Task directions ->
Reproduce the records in full. Alter nothing.

Data for this exercise ->
◆ ◆ ◆ ◆
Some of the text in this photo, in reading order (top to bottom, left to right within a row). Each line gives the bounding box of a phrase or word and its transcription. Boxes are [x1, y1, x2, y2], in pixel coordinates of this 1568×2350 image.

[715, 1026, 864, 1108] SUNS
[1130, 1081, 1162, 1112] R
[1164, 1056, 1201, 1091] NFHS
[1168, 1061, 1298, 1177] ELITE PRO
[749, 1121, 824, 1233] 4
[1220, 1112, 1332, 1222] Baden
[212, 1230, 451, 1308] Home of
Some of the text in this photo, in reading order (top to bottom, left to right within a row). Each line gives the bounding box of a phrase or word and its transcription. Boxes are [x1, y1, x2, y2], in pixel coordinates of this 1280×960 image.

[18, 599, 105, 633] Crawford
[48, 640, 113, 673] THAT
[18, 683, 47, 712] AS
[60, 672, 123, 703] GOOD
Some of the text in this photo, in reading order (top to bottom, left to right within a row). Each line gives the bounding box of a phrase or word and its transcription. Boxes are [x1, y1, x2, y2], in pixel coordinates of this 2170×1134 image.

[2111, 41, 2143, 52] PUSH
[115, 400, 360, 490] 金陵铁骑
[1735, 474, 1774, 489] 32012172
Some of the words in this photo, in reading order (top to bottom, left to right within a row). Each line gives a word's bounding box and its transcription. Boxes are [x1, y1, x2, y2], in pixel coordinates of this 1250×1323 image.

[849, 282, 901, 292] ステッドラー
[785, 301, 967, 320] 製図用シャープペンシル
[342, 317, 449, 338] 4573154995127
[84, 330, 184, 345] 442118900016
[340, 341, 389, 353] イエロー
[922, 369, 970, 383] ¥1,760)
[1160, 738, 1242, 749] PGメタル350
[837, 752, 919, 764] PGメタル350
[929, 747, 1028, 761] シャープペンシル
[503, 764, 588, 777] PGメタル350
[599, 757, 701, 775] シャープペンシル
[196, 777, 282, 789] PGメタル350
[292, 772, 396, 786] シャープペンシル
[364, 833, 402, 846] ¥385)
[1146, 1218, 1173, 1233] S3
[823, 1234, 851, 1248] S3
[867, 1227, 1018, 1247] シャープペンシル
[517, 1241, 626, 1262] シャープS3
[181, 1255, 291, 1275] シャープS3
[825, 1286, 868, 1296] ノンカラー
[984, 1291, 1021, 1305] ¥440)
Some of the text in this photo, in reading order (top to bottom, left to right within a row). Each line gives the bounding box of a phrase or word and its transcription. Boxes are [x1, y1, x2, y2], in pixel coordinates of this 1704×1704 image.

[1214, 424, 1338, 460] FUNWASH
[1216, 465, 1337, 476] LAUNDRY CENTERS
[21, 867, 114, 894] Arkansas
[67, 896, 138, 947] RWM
◆ ◆ ◆ ◆
Response area ->
Some of the text in this photo, in reading order (top to bottom, left to right within a row). Each line gives the bounding box of a phrase or word and its transcription. Boxes are [x1, y1, x2, y2], in pixel coordinates of this 1568×2350 image.

[715, 1026, 864, 1108] SUNS
[1130, 1081, 1162, 1112] R
[1164, 1056, 1201, 1091] NFHS
[1168, 1061, 1298, 1177] ELITE PRO
[749, 1121, 824, 1233] 4
[1220, 1112, 1332, 1222] Baden
[212, 1230, 451, 1308] Home of
Some of the text in this photo, in reading order (top to bottom, left to right within a row). Each line gives the bounding box of a phrase or word and its transcription. Boxes are [x1, y1, x2, y2], in pixel coordinates of this 1280×960 image.

[18, 599, 105, 633] Crawford
[48, 640, 113, 673] THAT
[18, 683, 47, 712] AS
[60, 672, 123, 703] GOOD
Some of the text in this photo, in reading order (top to bottom, left to right within a row). Each line gives the bounding box of a phrase or word and its transcription. Boxes are [x1, y1, x2, y2], in pixel coordinates of this 2170×1134 image.

[2111, 41, 2143, 52] PUSH
[115, 400, 360, 490] 金陵铁骑
[1735, 474, 1774, 489] 32012172
Some of the words in this photo, in reading order (top to bottom, left to right within a row). Each line gives a word's bounding box and its transcription. Boxes are [x1, y1, x2, y2], in pixel coordinates of this 1250×1323 image.

[849, 282, 901, 292] ステッドラー
[785, 301, 967, 320] 製図用シャープペンシル
[342, 317, 449, 338] 4573154995127
[84, 330, 184, 345] 442118900016
[340, 341, 389, 353] イエロー
[922, 369, 970, 383] ¥1,760)
[1160, 738, 1242, 749] PGメタル350
[837, 752, 919, 764] PGメタル350
[929, 747, 1028, 761] シャープペンシル
[503, 764, 588, 777] PGメタル350
[599, 757, 701, 775] シャープペンシル
[196, 777, 282, 789] PGメタル350
[292, 772, 396, 786] シャープペンシル
[364, 833, 402, 846] ¥385)
[1146, 1218, 1173, 1233] S3
[823, 1234, 851, 1248] S3
[867, 1227, 1018, 1247] シャープペンシル
[517, 1241, 626, 1262] シャープS3
[181, 1255, 291, 1275] シャープS3
[825, 1286, 868, 1296] ノンカラー
[984, 1291, 1021, 1305] ¥440)
Some of the text in this photo, in reading order (top to bottom, left to right within a row). Each line gives the bounding box of a phrase or word and its transcription. Boxes are [x1, y1, x2, y2], in pixel coordinates of this 1704×1704 image.

[1214, 424, 1338, 460] FUNWASH
[1216, 465, 1337, 476] LAUNDRY CENTERS
[21, 867, 114, 894] Arkansas
[67, 896, 138, 947] RWM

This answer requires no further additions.